What the task requires:
Repeat the lines below exactly as they appear, but leave out the images.

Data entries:
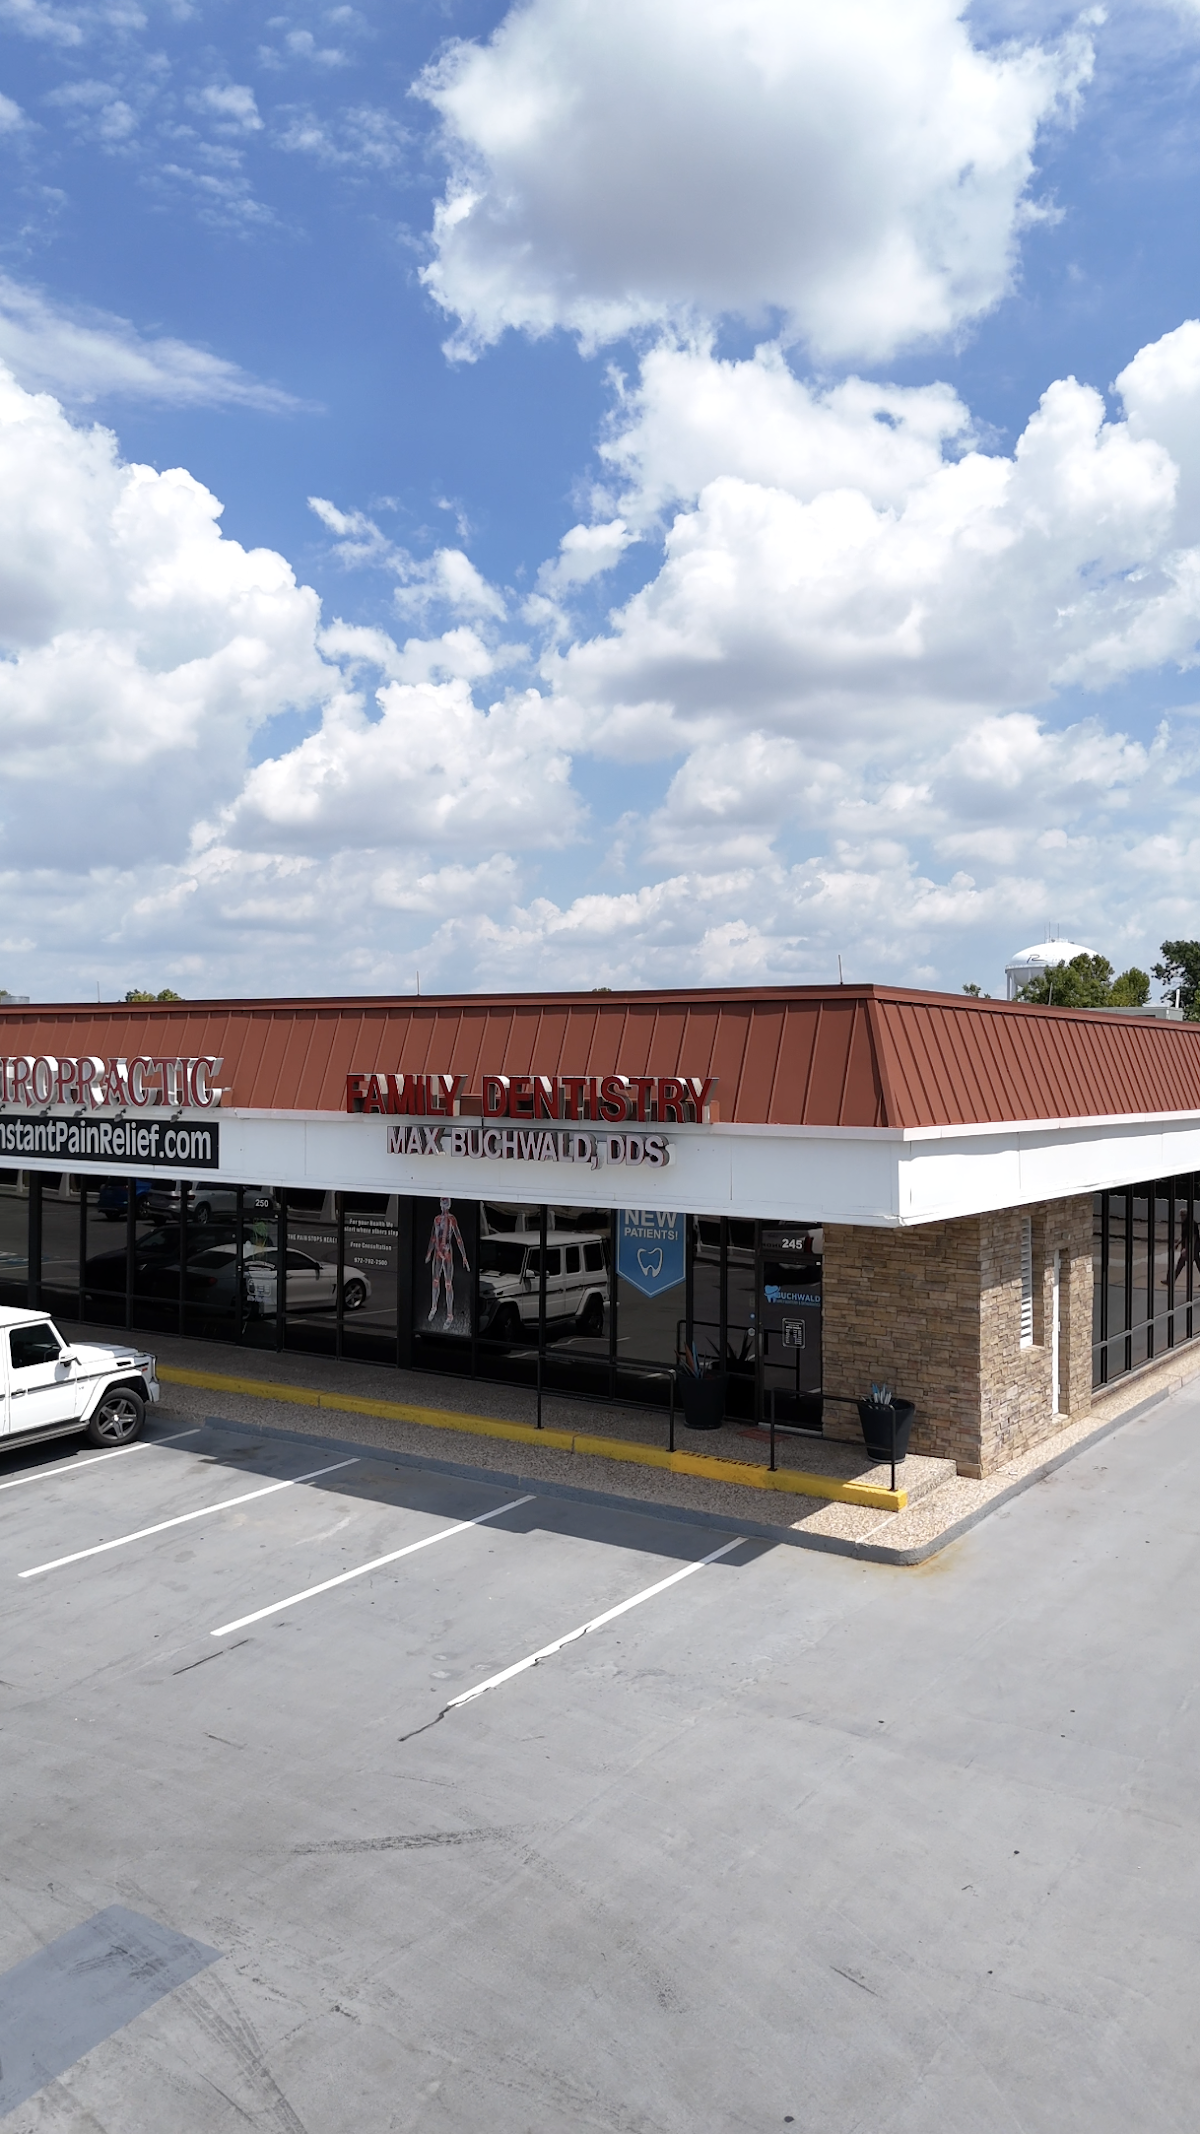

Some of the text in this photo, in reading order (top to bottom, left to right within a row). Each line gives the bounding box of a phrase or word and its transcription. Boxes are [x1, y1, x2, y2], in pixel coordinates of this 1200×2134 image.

[347, 1074, 718, 1123] FAMILY DENTISTRY
[387, 1126, 669, 1170] MAX BUCHWALD, DDS
[255, 1199, 269, 1208] 250
[624, 1209, 677, 1229] NEW
[624, 1227, 678, 1240] PATIENTS!
[782, 1238, 802, 1249] 245
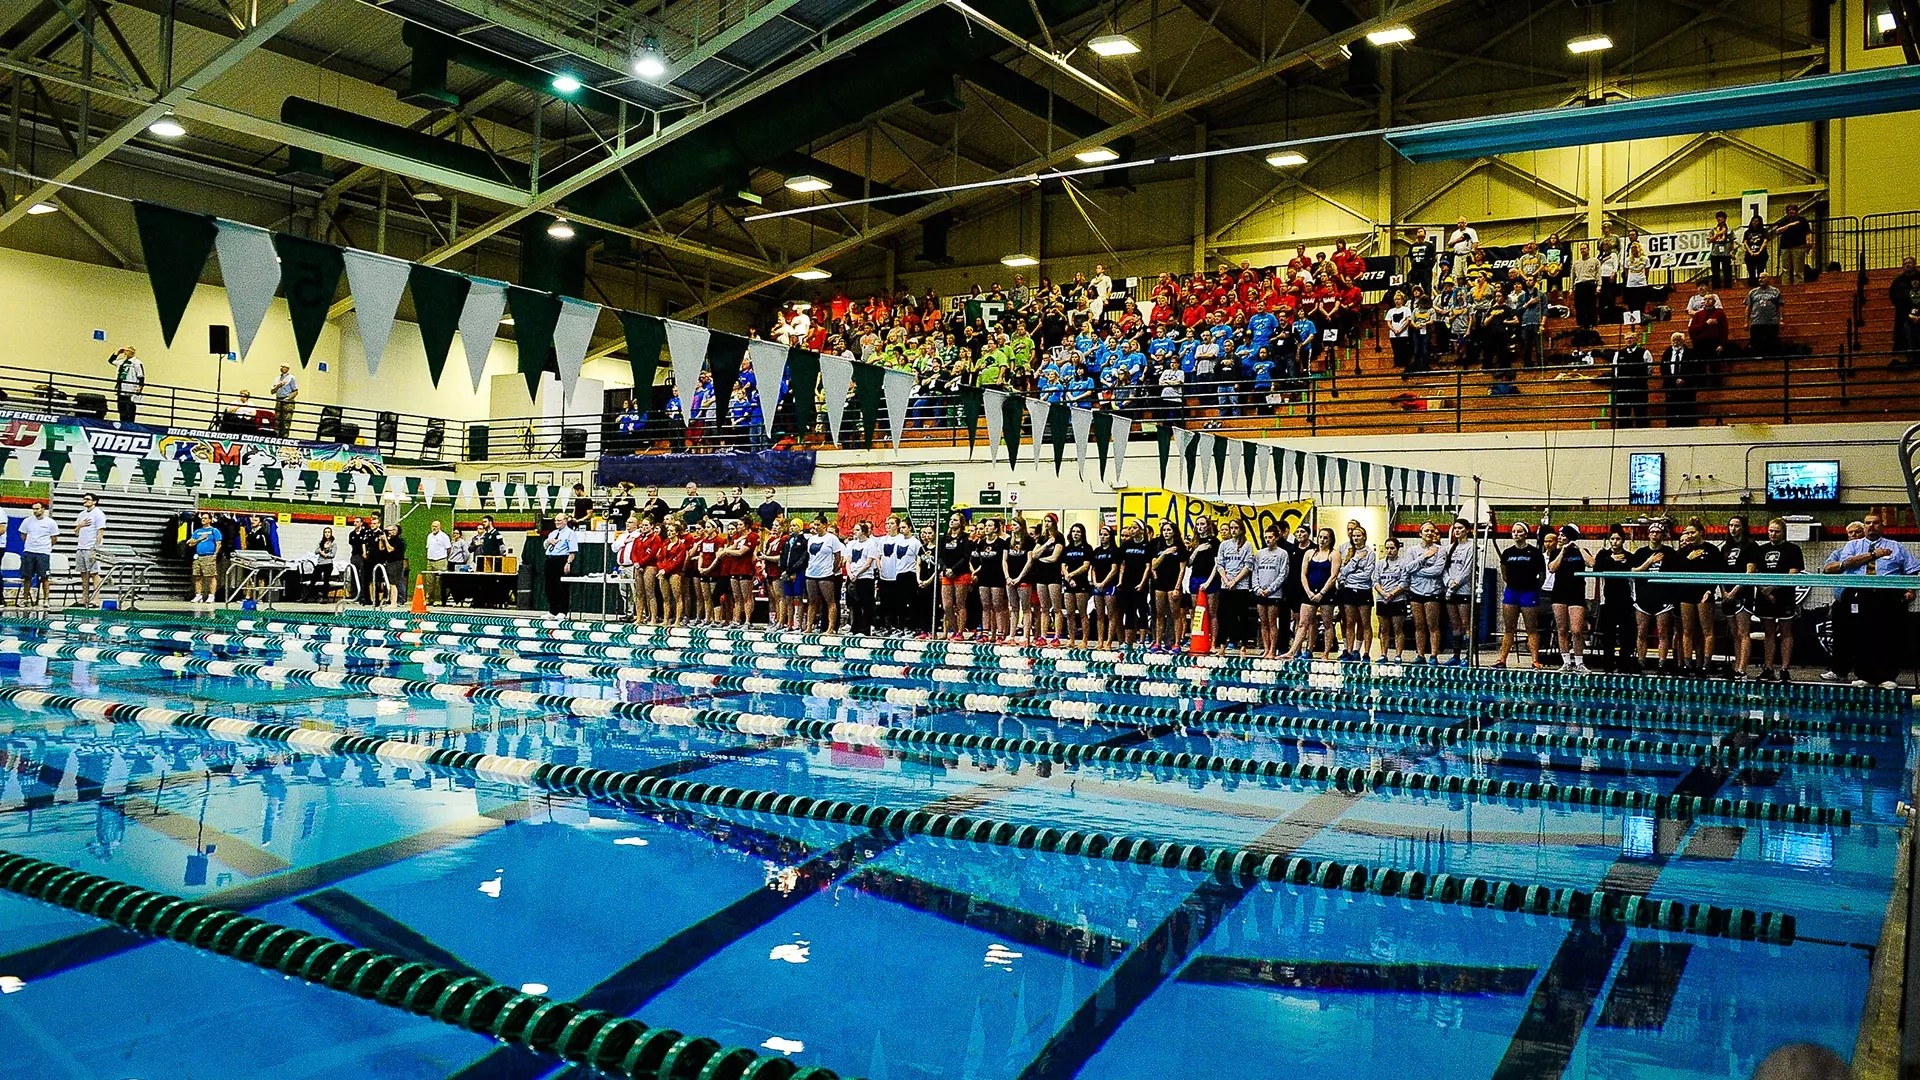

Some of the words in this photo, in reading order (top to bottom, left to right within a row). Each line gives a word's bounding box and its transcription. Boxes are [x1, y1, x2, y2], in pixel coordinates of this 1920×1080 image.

Exercise output:
Some of the text in this photo, in reading order (top to bottom, left to right within a row). Each line gives the bounding box of a phrase or word and its transcription. Boxes are [x1, y1, x2, y2], in pixel coordinates of this 1200×2134 image.

[347, 1074, 718, 1123] FAMILY DENTISTRY
[387, 1126, 669, 1170] MAX BUCHWALD, DDS
[255, 1199, 269, 1208] 250
[624, 1209, 677, 1229] NEW
[624, 1227, 678, 1240] PATIENTS!
[782, 1238, 802, 1249] 245

Some of the words in this photo, in reading order (top to bottom, left to right within a row). Each line gives a word's bounding box and its transcription. Boxes are [x1, y1, x2, y2], in pixel coordinates of this 1920×1080 image.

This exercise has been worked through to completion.